M. Night Shyamalan’s
The Visit
turns the found footage genre on its head, creating a lean and scary film that subverts expectations.
The film’s scares come from simplicity and a focus on character, rather than relying on jump scares and gore.
The grounded mood and naturalistic moments in
The Visit
make it a more organic and substantive horror film, with believable performances and refined camerawork.

Writer-director M. Night Shyamalan’s most recent thriller, last year’s Knock at the Cabin, has prompted claims of the renowned-then-maligned filmmaker’s return to form. However, in actuality, Cabin is a continuation of form, a comeback as slow-burn as his mysteries and rooted in one of Shyamalan’s lesser-known works, The Visit. Despite The Visit’s concept (an amateur filmmaker documents a week-long stay with her grandparents), Shyamalan refuses to classify his eleventh feature film with the “found footage” label. “I make the big distinction between documentaries and found footage,” he told Digital Spy in 2015. “Documentary has cinematic intent, beauty, art, aesthetics. Found footage is really haphazard and there’s no cinematic intent behind it, it’s just capturing something. However, whether Shyamalan likes it or not, his detachment from the style is precisely why The Visit is one of the era’s more successful found footage offerings. He turned the genre on its head, shook its contents around, then dissected the remains to suit his needs. As The Visit is currently one of Max’s most-watched movies, it’s time we dissect what makes Shyamalan’s (sorry, but there is no other way to describe it) found footage horror film so effective.

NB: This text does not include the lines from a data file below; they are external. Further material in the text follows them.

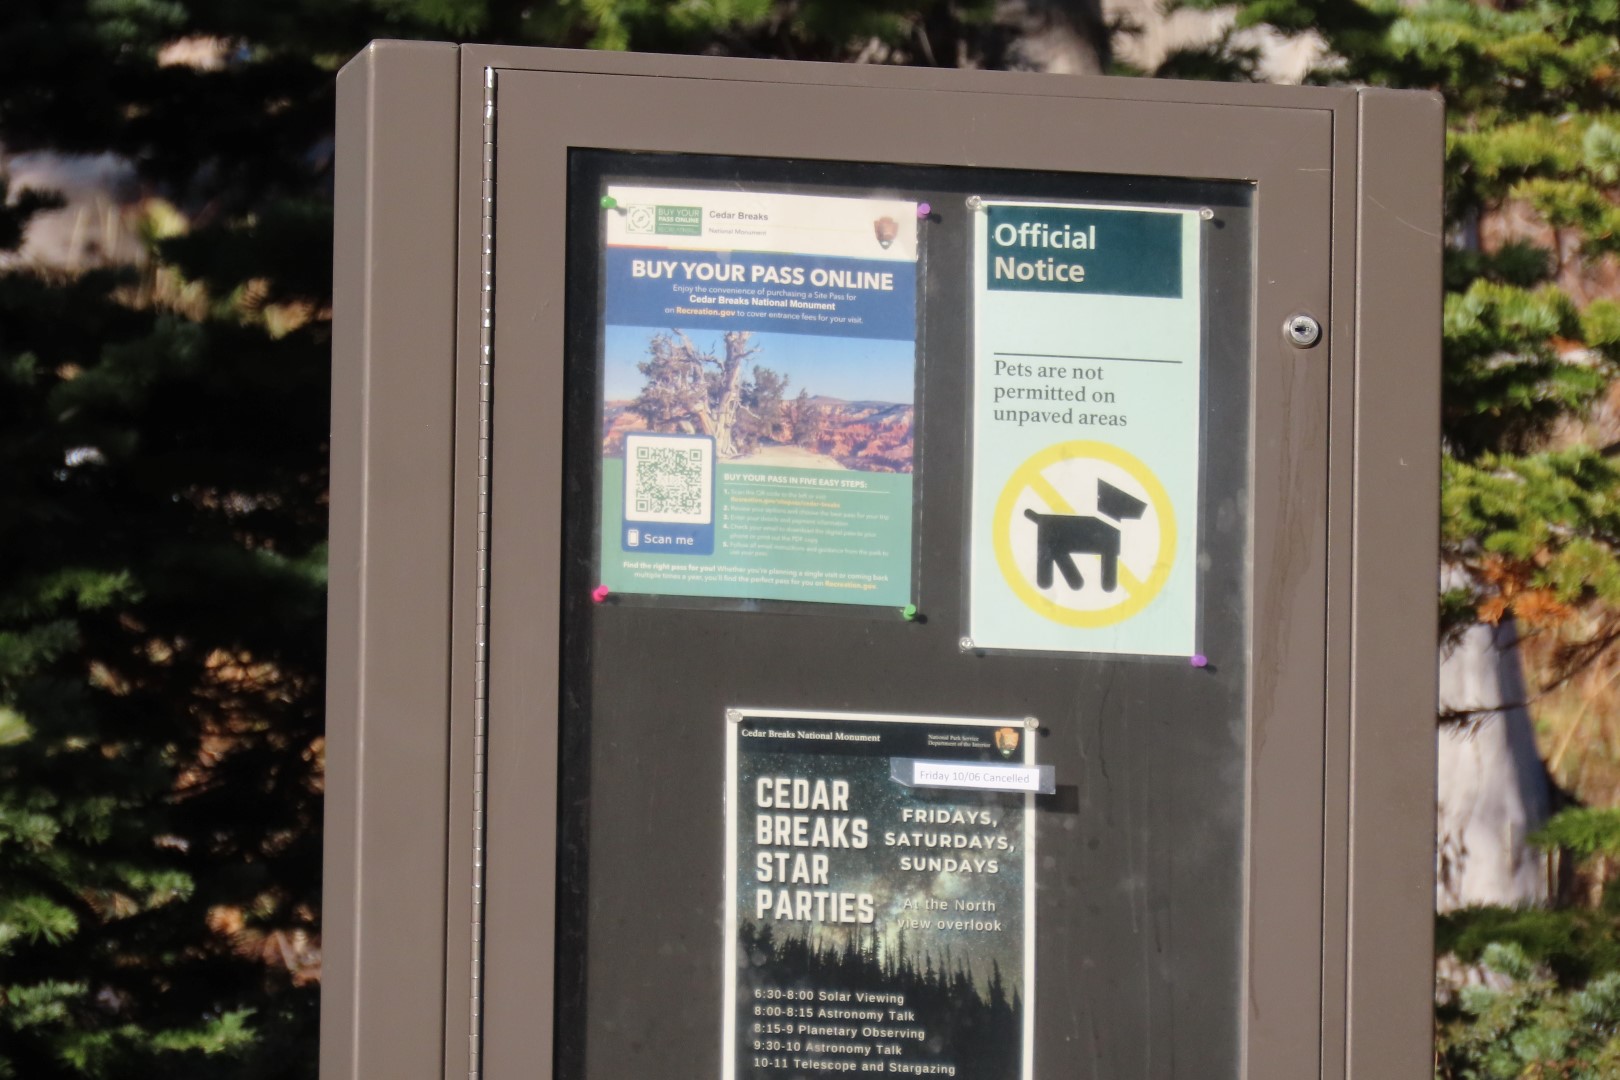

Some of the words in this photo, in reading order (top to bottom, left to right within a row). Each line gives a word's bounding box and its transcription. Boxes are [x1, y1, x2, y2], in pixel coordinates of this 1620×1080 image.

[658, 208, 674, 216] BUY
[677, 208, 700, 217] YOUR
[709, 210, 735, 220] Cedar
[738, 212, 768, 220] Breaks
[994, 222, 1096, 250] Official
[632, 260, 678, 280] BUY
[682, 262, 746, 282] YOUR
[751, 265, 804, 285] PASS
[810, 268, 894, 291] ONLINE
[994, 256, 1085, 282] Notice
[673, 284, 693, 293] Enjoy
[709, 287, 756, 295] convenience
[767, 289, 806, 299] purchasing
[689, 295, 716, 304] Cedar
[718, 296, 749, 306] Breaks
[752, 298, 788, 308] National
[790, 300, 836, 310] Monument
[676, 307, 736, 318] Recreation.gov
[769, 312, 800, 320] entrance
[830, 316, 846, 324] your
[848, 316, 864, 324] visit.
[994, 360, 1032, 377] Pets
[1038, 364, 1067, 378] are
[1072, 366, 1104, 380] not
[993, 385, 1086, 403] permitted
[1092, 391, 1116, 404] on
[994, 408, 1073, 426] unpaved
[1078, 413, 1127, 427] areas
[743, 474, 766, 482] YOUR
[768, 475, 788, 483] PASS
[819, 478, 839, 486] EASY
[840, 480, 867, 488] STEPS:
[644, 533, 672, 546] Scan
[676, 536, 694, 546] me
[653, 562, 670, 571] right
[741, 729, 766, 738] Cedar
[768, 730, 796, 739] Breaks
[798, 731, 833, 741] National
[835, 732, 881, 742] Monument
[920, 770, 949, 782] Friday
[953, 772, 980, 782] 10/06
[983, 774, 1030, 783] Cancelled
[756, 776, 850, 811] CEDAR
[902, 808, 998, 827] FRIDAYS,
[756, 815, 868, 849] BREAKS
[885, 832, 1016, 852] SATURDAYS,
[756, 852, 829, 885] STAR
[900, 857, 999, 874] SUNDAYS
[756, 888, 874, 924] PARTIES
[903, 898, 920, 911] At
[925, 898, 948, 912] the
[955, 900, 996, 913] North
[897, 918, 931, 930] view
[937, 919, 1002, 932] overlook
[755, 989, 814, 1001] 6:30-8:00
[818, 991, 851, 1002] Solar
[856, 992, 904, 1006] Viewing
[754, 1007, 814, 1018] 8:00-8:15
[818, 1008, 884, 1023] Astronomy
[889, 1010, 915, 1022] Talk
[754, 1024, 794, 1035] 8:15-9
[798, 1025, 858, 1039] Planetary
[862, 1027, 925, 1041] Observing
[754, 1040, 801, 1052] 9:30-10
[805, 1042, 871, 1056] Astronomy
[876, 1044, 902, 1055] Talk
[754, 1058, 788, 1069] 10-11
[794, 1059, 857, 1073] Telescope
[862, 1062, 884, 1073] and
[889, 1063, 956, 1076] Stargazing

The Visit Two siblings become increasingly frightened by their grandparents’ disturbing behavior while visiting them on vacation.Release Date September 10, 2015 Director M. Night Shyamalan Runtime 94 Writers M. Night Shyamalan

Most of The Blair Witch Project (the first film to popularise found footage movies) and Paranormal Activity’s (the movie that launched the current-day found footage craze) approximately one billion knock-offs were forgettable because they failed to understand either film’s central appeal. The terror of found footage doesn’t stem from lazy jump scares and wild gore, but from simplicity; from crafting a mood from the ground up and stretching the resulting tension to the absolute snapping point. Those factors are Shyamalan’s stylistic calling card. And for all of his impressive ideas, the director’s at his best narratively when he lasers in on individual characters with pinpoint efficiency: a young boy reckoning with death (The Sixth Sense), a confused adult discovering his purpose (Unbreakable), a young love story (The Village), a family’s fragile faith during the end of the world (Signs and Knock at the Cabin). These emotional journeys are universal and recognizable, and Shyamalan’s depictions of them are achingly empathetic. He flourishes within a restricted worldview where the mystical elements contribute to the universe without distracting from its humanist themes.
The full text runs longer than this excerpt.